Displaying items by tag: new perspective
How Losing Everything Helped Me Gain Much More
“Life begins on the other side of despair.” ~ Jean-Paul Sartre
When what appeared to be my forever life crumbled before my eyes a few years ago, I couldn’t see a way out of my despair and pain. All the memories, conversations, trips, and Netflix binges vanished along with my husband’s love, my house, and my happiness. I couldn't imagine a life without my husband. I had formed habits and routines around the life that he and I had created. I had been in a comfort bubble with no desire to leave.
The Life You Planned Vs the Life that Is Waiting for You
“You must give up the life you planed in order to have the life that is waiting for you.” Joseph Campbell
When I got married, I thought my life was going to be predictable. My husband and I had our own hobbies, habits, routines, and traditions that we introduced to each other and we were starting our own together. I enjoyed cooking and baking new healthy food from the YouTube channels I watched, I did Yoga, and I worked out probably way too much. My husband played Magic the Gathering online and in person, went fishing, played other video games, and was part of the Men’s rugby league in our city. We were both teachers and had the same days and summers off. Every few years we would go to the Florida Keys to fish, snorkel, and kayak. We visited our family in the summer and at Christmas. His parents would come to spend Thanksgiving with us. I couldn’t imagine, nor did I want to imagine, anything other than that. It was familiar, comfortable, and safe.
One Night, New Perspective
One night, I had an anxiety attack. I was in my apartment, with just my cat, Jinx. I had just indulged in one too many glasses of wine and a depressing amount of ice cream, trying to stuff down my sadness and quell my racing mind. I thought of reaching out to someone, a friend or my sister, but it was too late. I was inconsolable. I wailed and cried, and I couldn’t breathe through my nose. My shallow breaths caused me to panic even more. I heaved and wailed with my arms wrapped around my shaking shoulders, and tears stained the floor and soaked two dozen tissues. I couldn’t save myself from drowning in my own tears.
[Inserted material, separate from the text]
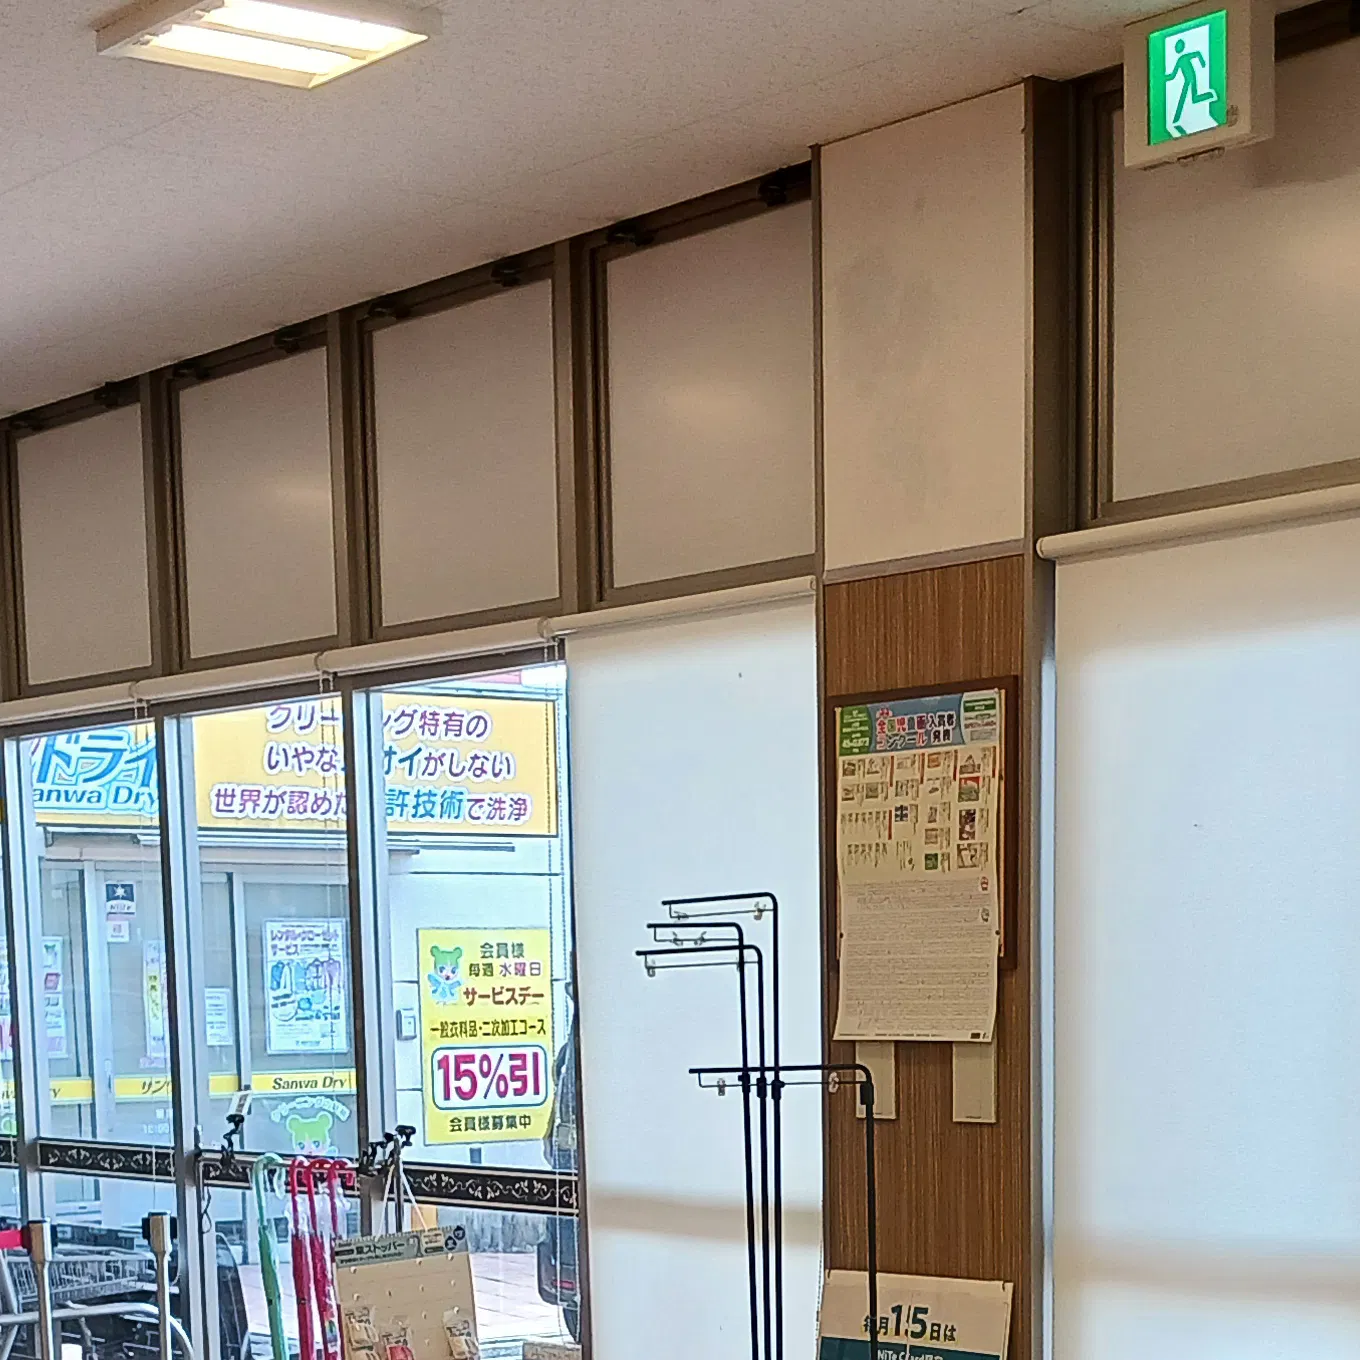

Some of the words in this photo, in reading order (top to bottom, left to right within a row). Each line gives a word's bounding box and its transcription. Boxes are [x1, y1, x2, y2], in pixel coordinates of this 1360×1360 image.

I kept chanting over and over, “Please come back to me, please come back. I promise to love you better. I promise I’ll love you right. Please just come back to me.” At that moment, there was nothing else in the world I wanted more than my husband to be in my arms.
After a few minutes of this, I had a sudden and uncontrollable urge to look at his picture. I hadn’t wanted to go back there since the day he asked for the divorce. It was too painful to see what we used to be. But for some reason, I wanted to see him on this night. I rummaged through my closet until I found what I was looking for: a mound of pictures of us in a Walmart photo envelope His was the first face I saw when I opened the pack. They were mostly on our wedding day, and again, I crumpled into tears, clutching the pictures close to my heart, promising I would love him better if he would come back to me.